TASK PROMPT: The records below must be output exactly, with no images carried over.

BEGIN RECORDS TO PROCESS

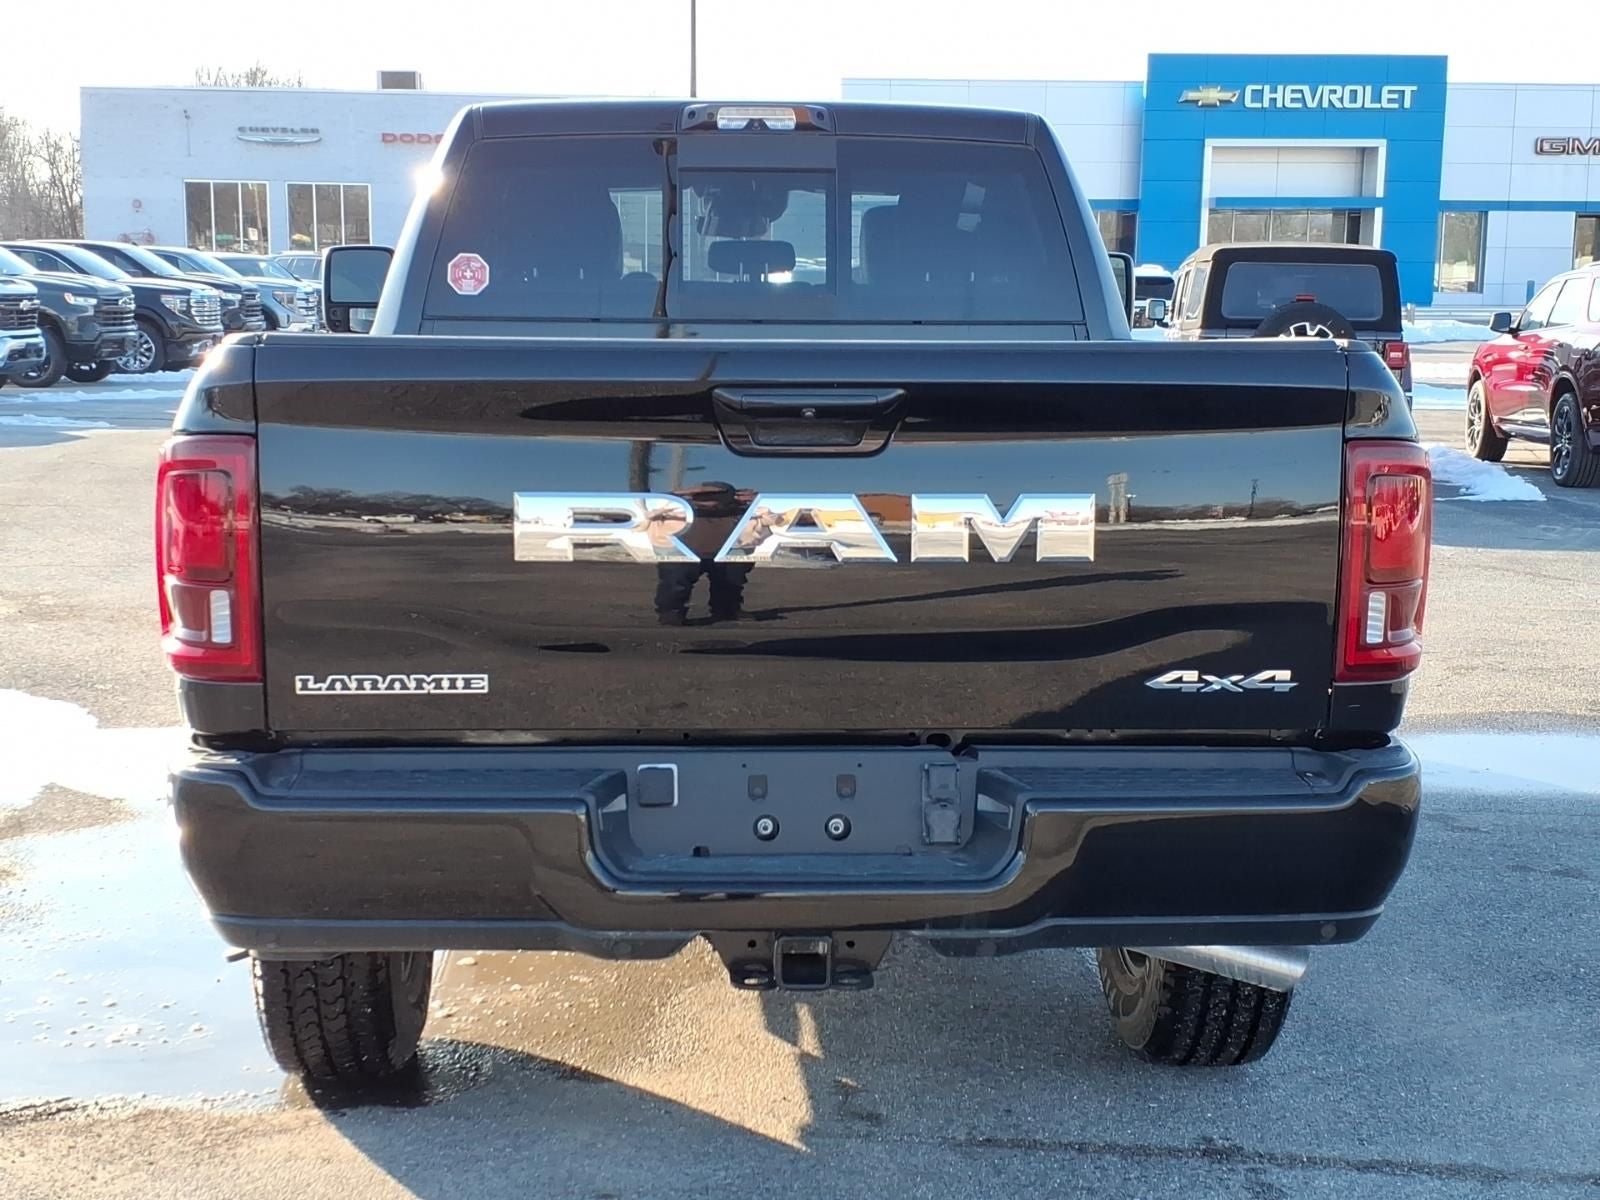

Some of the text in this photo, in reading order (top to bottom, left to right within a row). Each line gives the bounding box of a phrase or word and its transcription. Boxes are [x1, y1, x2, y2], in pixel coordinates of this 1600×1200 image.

[1244, 84, 1418, 109] CHEVROLET
[513, 492, 1096, 563] RAM
[295, 674, 489, 694] LARAMIE
[1144, 669, 1299, 693] 4x4
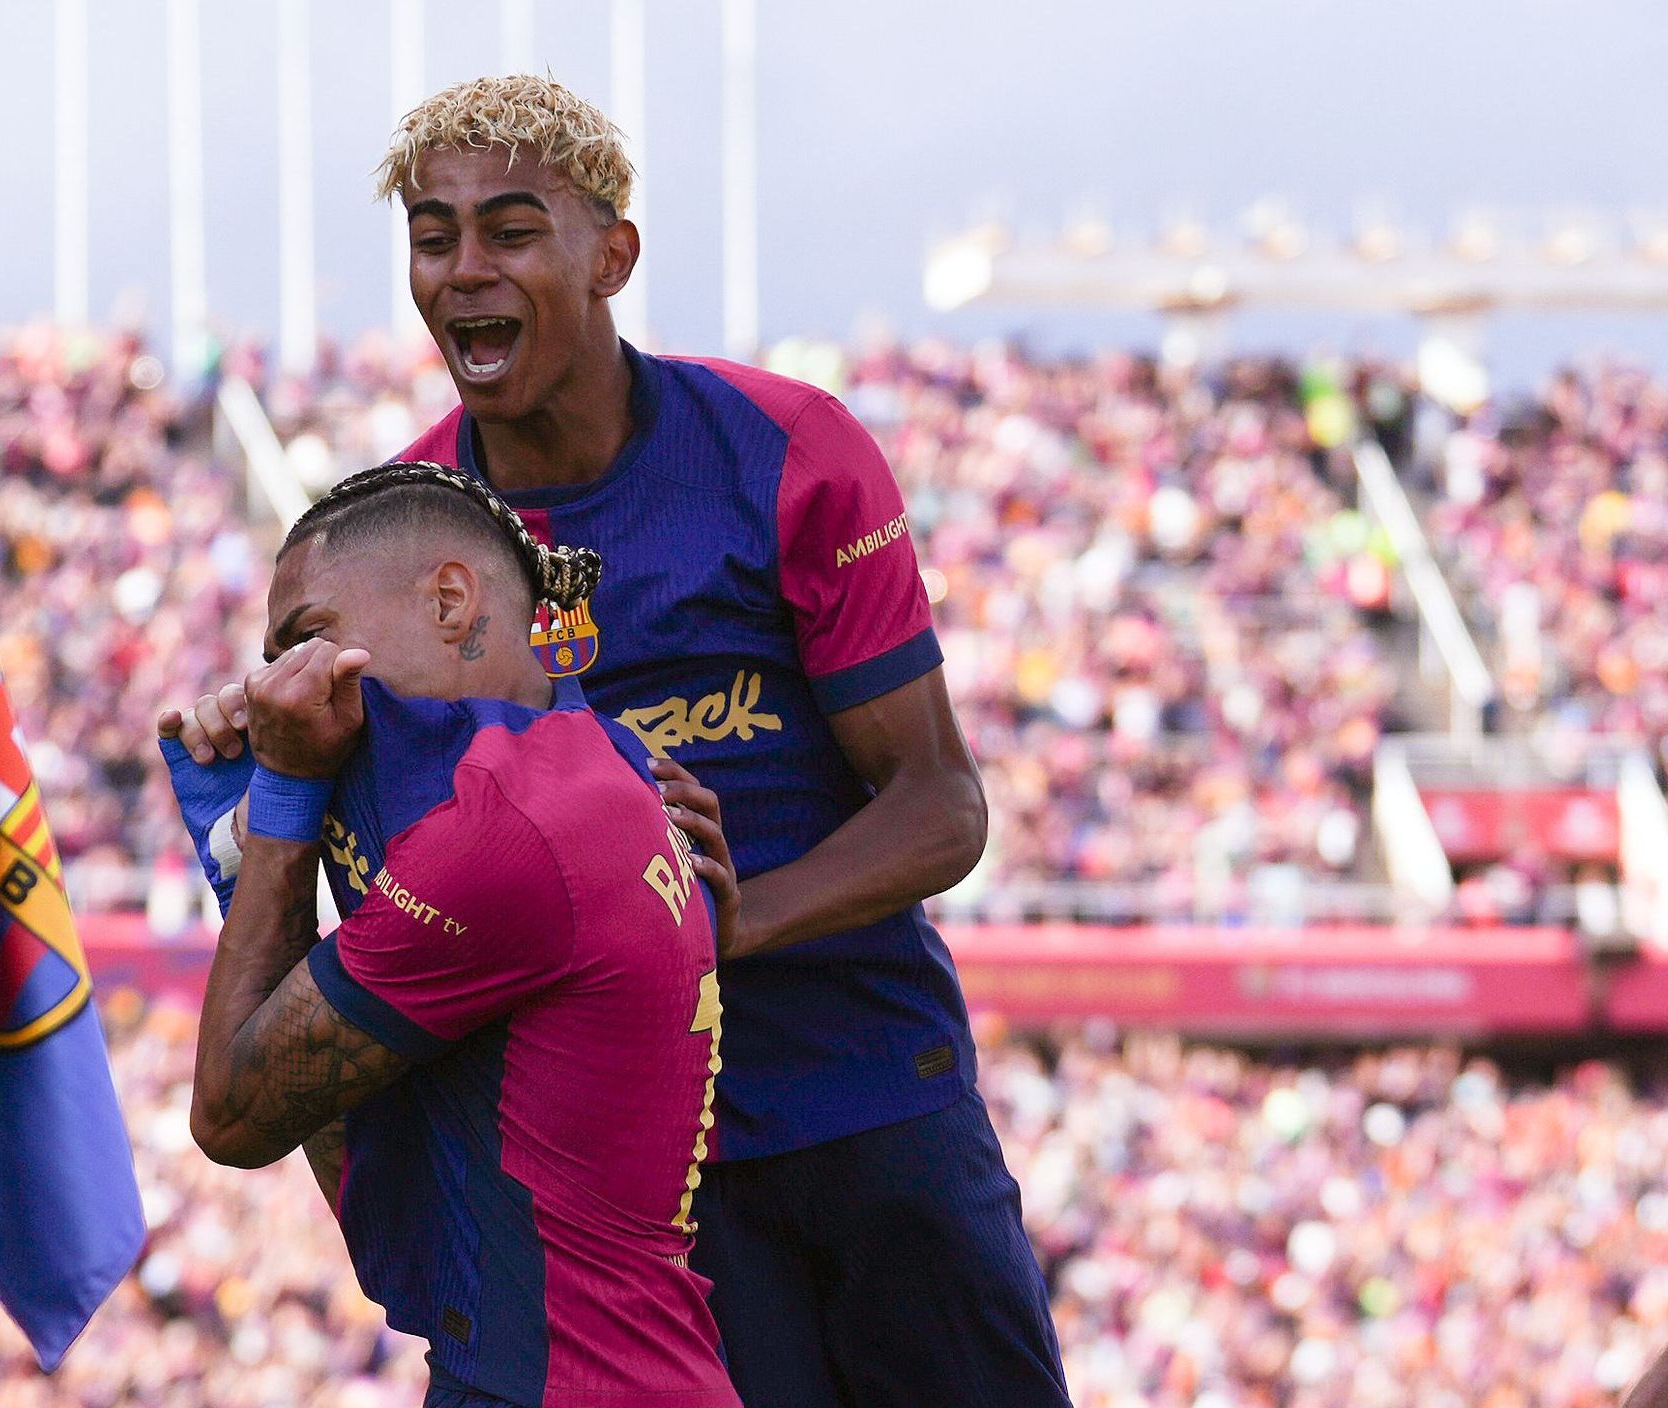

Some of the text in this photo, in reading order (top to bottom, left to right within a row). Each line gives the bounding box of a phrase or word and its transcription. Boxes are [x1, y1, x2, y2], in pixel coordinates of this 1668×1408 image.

[835, 511, 909, 568] AMBILIGHT
[546, 628, 575, 642] FCB
[443, 916, 468, 936] tv

END RECORDS TO PROCESS

OUTPUT OF THE TASK:
Some of the text in this photo, in reading order (top to bottom, left to right within a row). Each line gives the bounding box of a phrase or word and its transcription. Boxes are [x1, y1, x2, y2], in pixel coordinates of this 1600×1200 image.

[1244, 84, 1418, 109] CHEVROLET
[513, 492, 1096, 563] RAM
[295, 674, 489, 694] LARAMIE
[1144, 669, 1299, 693] 4x4

Some of the text in this photo, in reading order (top to bottom, left to right within a row). Each line gives the bounding box of a phrase or word and its transcription. Boxes are [x1, y1, x2, y2], in pixel coordinates of this 1668×1408 image.

[835, 511, 909, 568] AMBILIGHT
[546, 628, 575, 642] FCB
[443, 916, 468, 936] tv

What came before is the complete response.